What’s new at the University of Wrocław Press?

In our series #MondayswithWUWr, we keep you up to date with the most important events, book news and issues important to the Publishing House! We also encourage you to follow the wuwr.eu website and the Publishing House’s social media – FbLinkedInInstagram and YouTube. We encourage you to watch!

Wrocław Good Books Fair this week coming up!

There’s no doubt that the last weeks have been passing for the Publishing House in preparing for the Wrocław Good Books Fair, which will be held this week – from 5 to 8 December – at the Centennial Hall.

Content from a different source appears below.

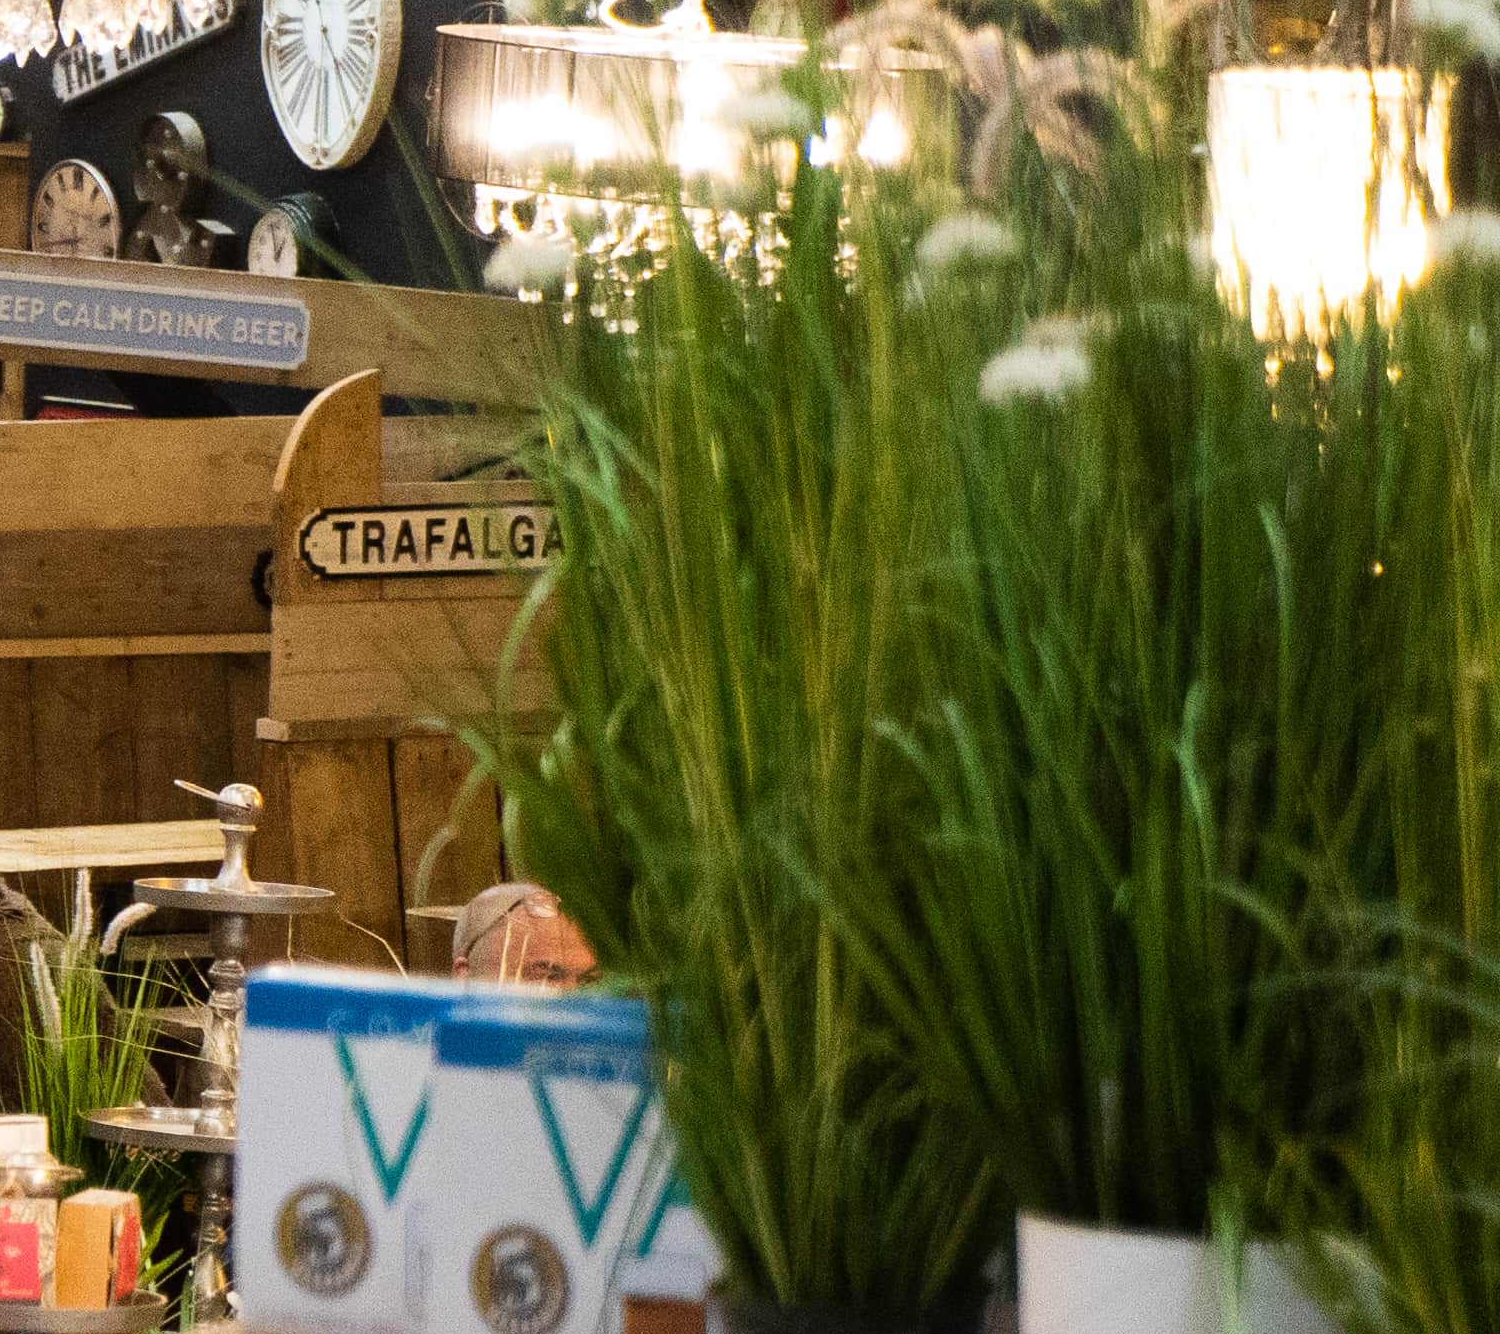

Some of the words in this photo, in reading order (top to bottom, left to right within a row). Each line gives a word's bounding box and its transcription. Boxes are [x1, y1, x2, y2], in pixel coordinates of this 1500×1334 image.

[52, 299, 132, 332] CALM
[138, 307, 224, 340] DRINK
[231, 316, 297, 348] BEER

The publishing house will have twice as big a booth this year, as there are many more new books than in previous years, too! Among the books that will premiere at the fair is the highly anticipated item “Od lokomotyw do czołgów. Przed Pafawagiem: 100 lat zakładów Linke-Hoffman” by Patrick Starczewski.

The Linke-Hofmann Werke AG (LHW) concern, on the basis of which the Polish Pafawag was founded after the war, is a legend on the historical map of industrial Wroclaw. The foundation for its development was laid by combining the strengths of two hitherto competing companies: Gotffried Linke Wagon Building Factory and Hofmann Brothers Wagon Factory. Linke’s factory got off the ground in 1834 and produced, among other things, horse-drawn carriages, to soon produce railroad platforms and locomotives for the Upper Silesian Railroad, which was just being built. The Hofmann company started with fire pumps, which it converted fairly quickly into railroad and tramway cars.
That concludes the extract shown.